Jakarta- Konsolidasi Mahasiswa Universitas Padjadjaran (Unpad) mengeluarkan mosi tidak percaya terhadap pemerintahan Jokowi saat ini.

Mereka menganggap bahwa komitmen pemerintahan Jokowi dalam memberantas korupsi sudah tidak bisa dipercaya lagi.

Selain Jokowi, mosi tidak percaya juga dilayangkan kepada DPR RI yang dianggap telah berkerjasama dengan Jokowi untuk melakukan pelemahan terhadap Komisi Pemberantasan Korupsi (KPK) melalui revisi Undang-undang KPK.

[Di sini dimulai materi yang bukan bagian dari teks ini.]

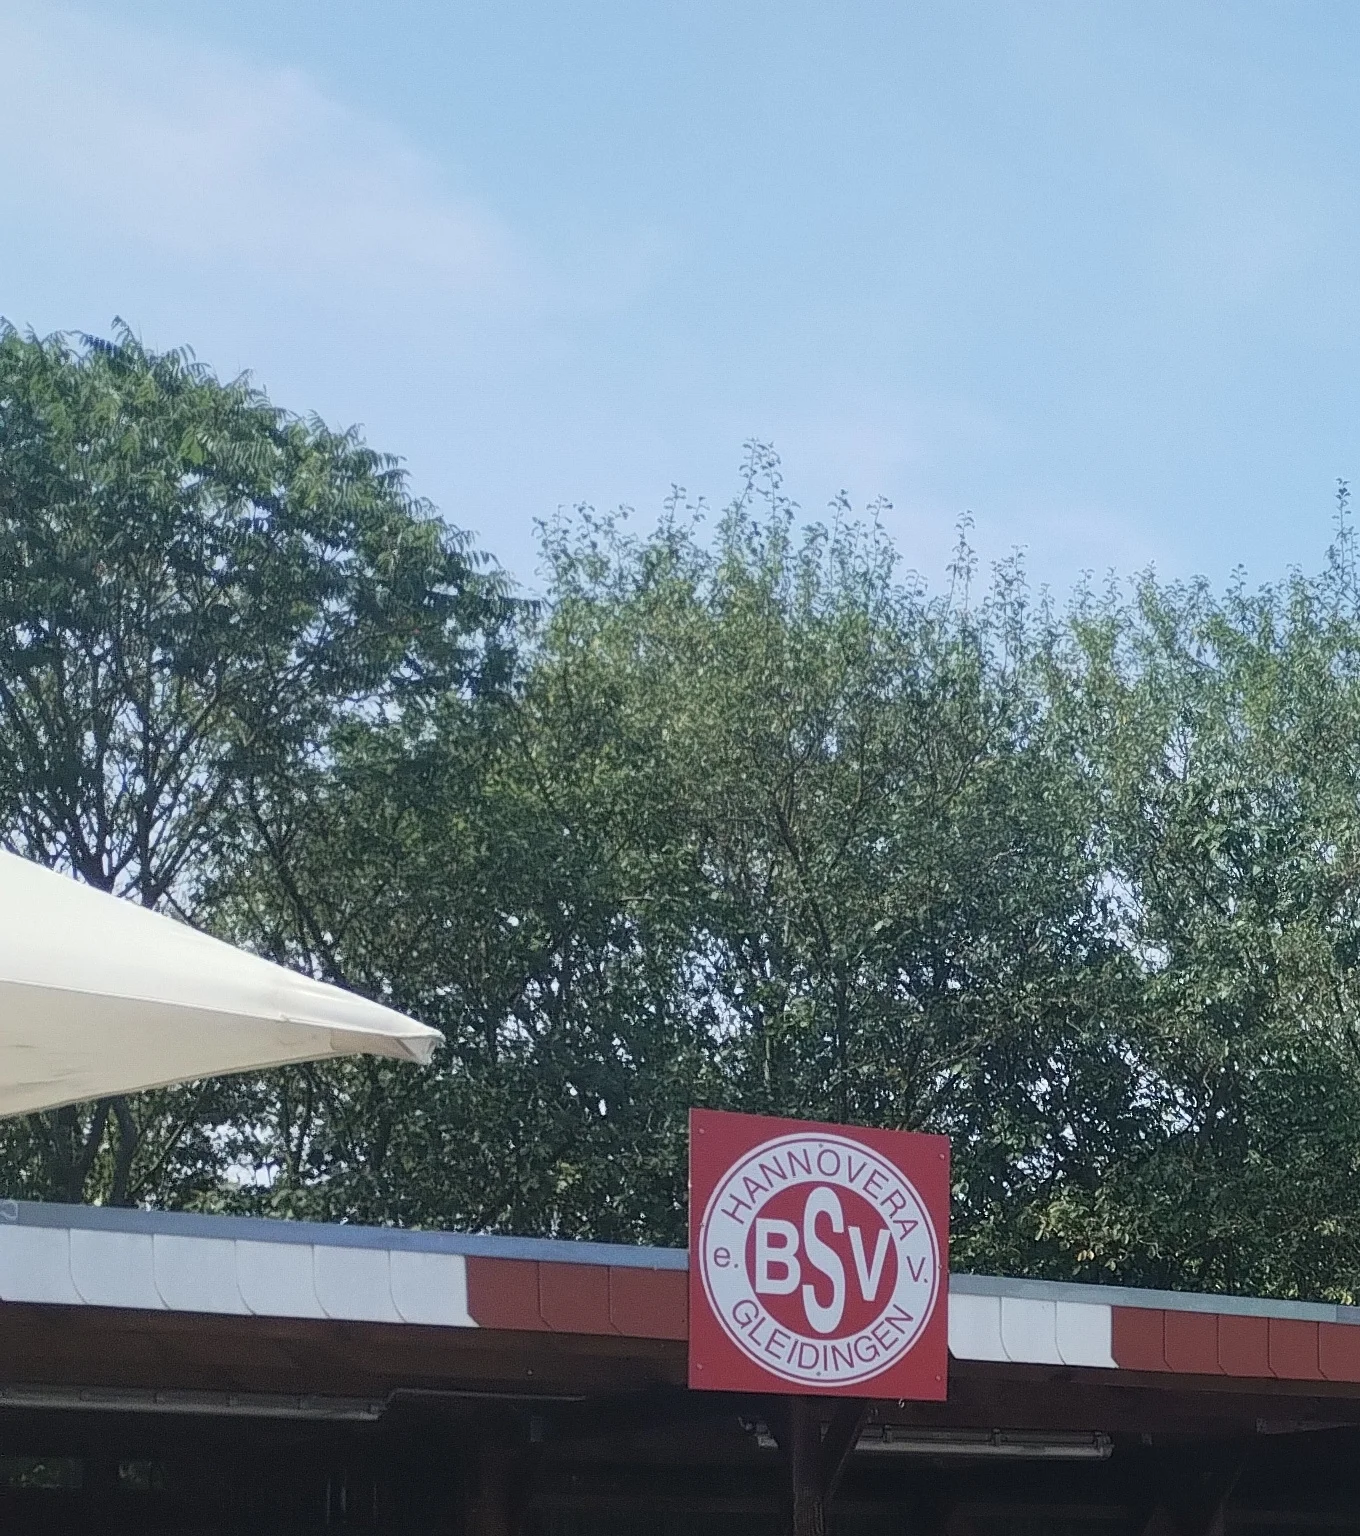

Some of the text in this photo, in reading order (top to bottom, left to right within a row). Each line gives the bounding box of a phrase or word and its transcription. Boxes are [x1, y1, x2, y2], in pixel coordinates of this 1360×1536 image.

[721, 1148, 919, 1242] HANNOVERA
[713, 1246, 929, 1284] e. V.
[754, 1186, 892, 1334] BSV
[731, 1298, 915, 1372] GLEIDINGEN
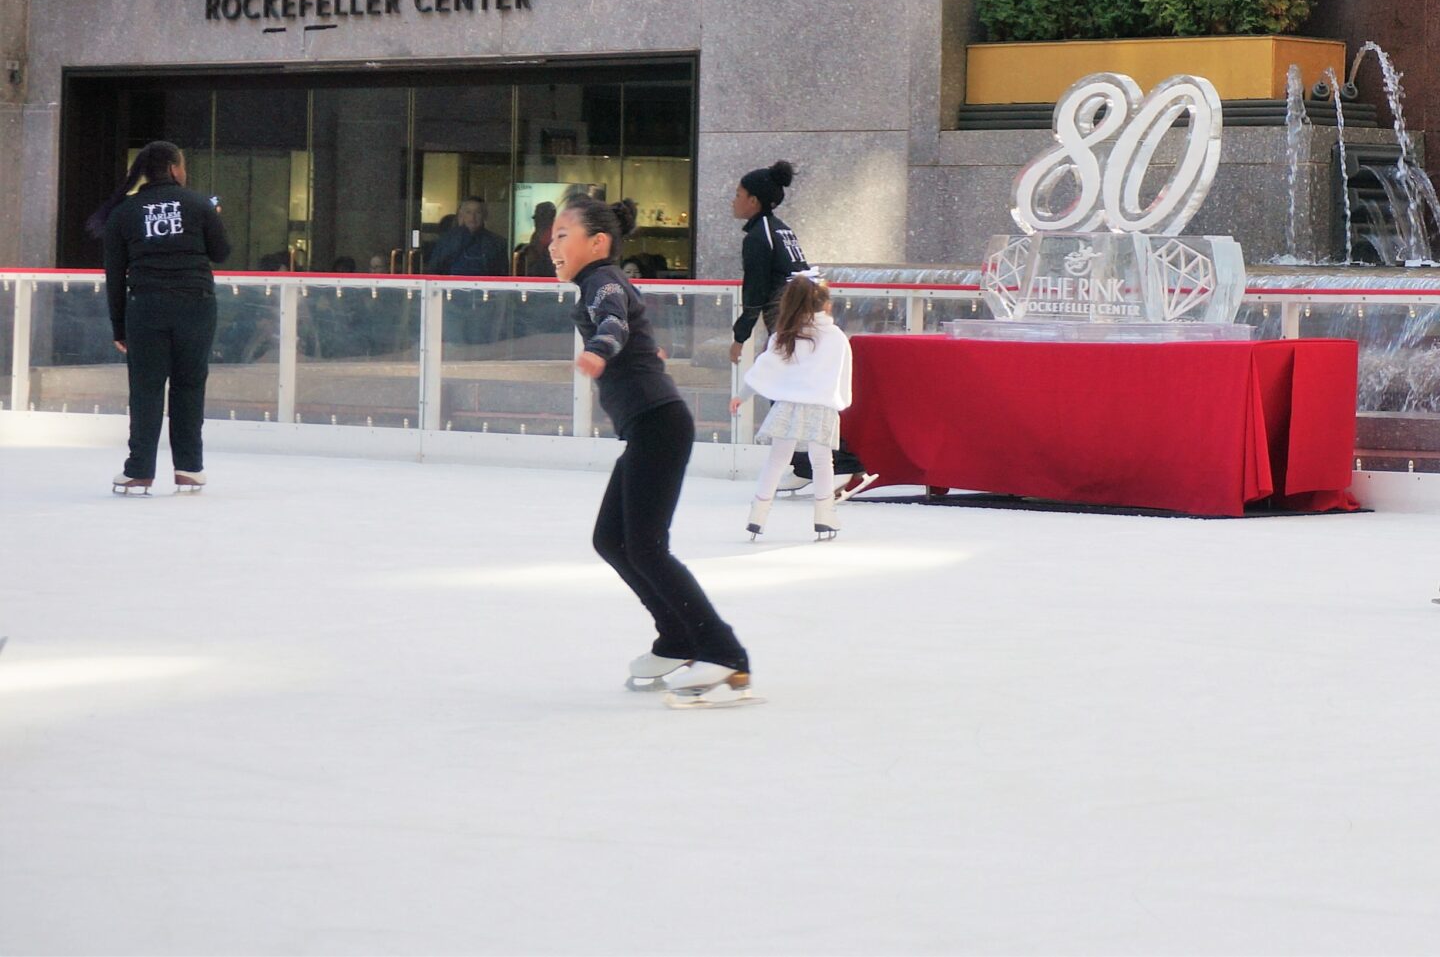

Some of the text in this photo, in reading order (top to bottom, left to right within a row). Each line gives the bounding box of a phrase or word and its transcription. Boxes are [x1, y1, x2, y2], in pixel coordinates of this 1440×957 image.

[1012, 76, 1216, 234] 80
[145, 211, 181, 221] HARLEM
[145, 218, 184, 237] ICE
[1035, 276, 1124, 302] THE RINK

Dalam pernyataan sikap yang disebarkan ke berbagai media, Konsilidasi Mahasiswa Unpad menyatakan, keberhasilan KPK mengungkap sejumlah kasus korupsi membuat oknum-oknum yang bersekongkol untuk mencuri uang rakyat merasa terusik.

“Oleh karena itu kerap kali usaha-usaha pelemahan terhadap KPK dilakukan oleh pihak-pihak tersebut,” tulis pernyataan yang diotentifikasi dua pentolan Konsolidasi Mahasiswa Unpad, Luthfi dan Bigwantsa.

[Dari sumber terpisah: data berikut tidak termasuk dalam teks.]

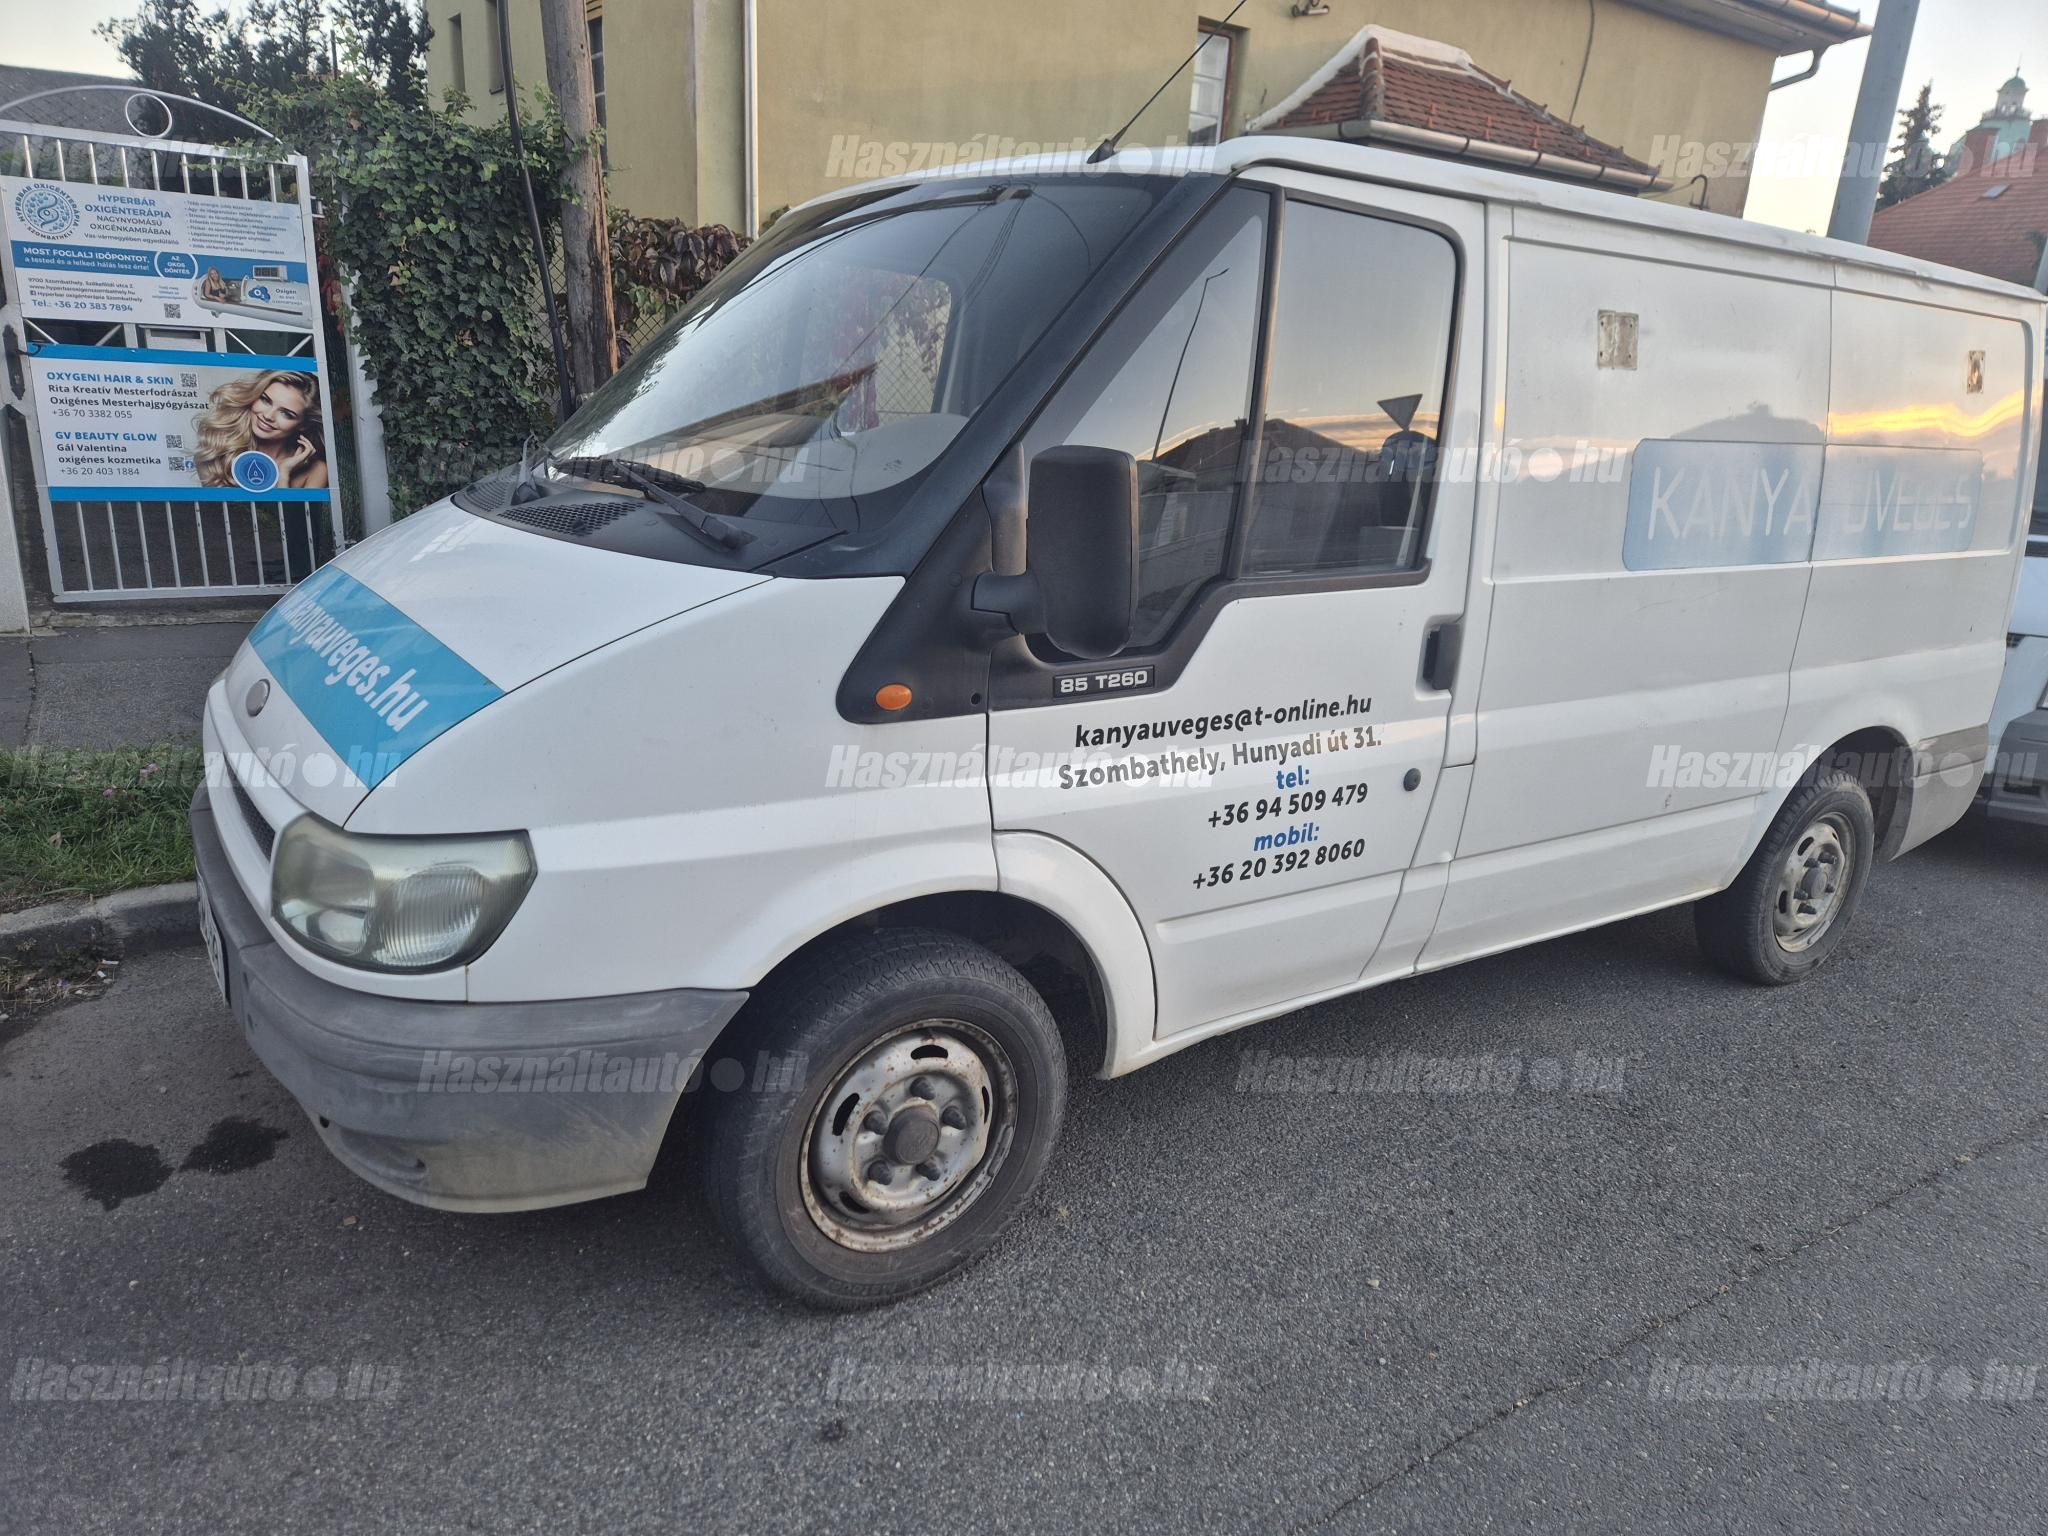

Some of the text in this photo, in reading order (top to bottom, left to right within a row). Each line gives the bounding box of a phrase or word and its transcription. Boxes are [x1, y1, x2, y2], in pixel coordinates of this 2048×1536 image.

Contohnya antara lain adalah kasus yang dialami mantan Ketua KPK Antasari Azhar yang pernah dijatuhi hukuman penjara lantaran dinyatakan merancang pembunuhan Nasrudin Zulkarnaen.

Begitu juga dengan kasus penyiraman air keras terhadap salah satu penyidik KPK, Novel Baswedan, yang sampai saat ini tidak jelas titik terang siapa pelakunya.

Terkait usul DPR untuk merevisi UU KPK yang telah disetujui Presiden Jokowi, Konsolidasi Mahasiswa Unpad menggarisbawahi empat poin krusial, yakni keinginan membentuk Dewan Pengawas KPK, aturan penyadapan, kewenangan Surat Penghentian Penyidikan Perkara (SP3), dan status pegawai KPK.

“(Ini) bukan lagi bentuk upaya pelemahan terhadap KPK, melainkan sudah pada tahap merampas entitas yang dimiliki KPK sebagai komisi independen pemberantas korupsi,” masih tulis mereka.

Dengan demikian, mahasiswa menganggap bahwa pemerintahan Jokowi dan anggota DPR RI periode 2014-2019 telah menciderai amanat Reformasi untuk melakukan pemberantasan terhadap korupsi.

“Kami sebagai mahasiswa tidak mempercayai komitmen pemerintahan Joko Widodo beserta anggota Dewan Perwakilan Rakyat Republik Indonesia dalam memberantas korupsi apabila revisi UU KPK terus dilanjutkan,” demikian Konsolidasi Mahasiswa Unpad. (Hr-harianindo.com)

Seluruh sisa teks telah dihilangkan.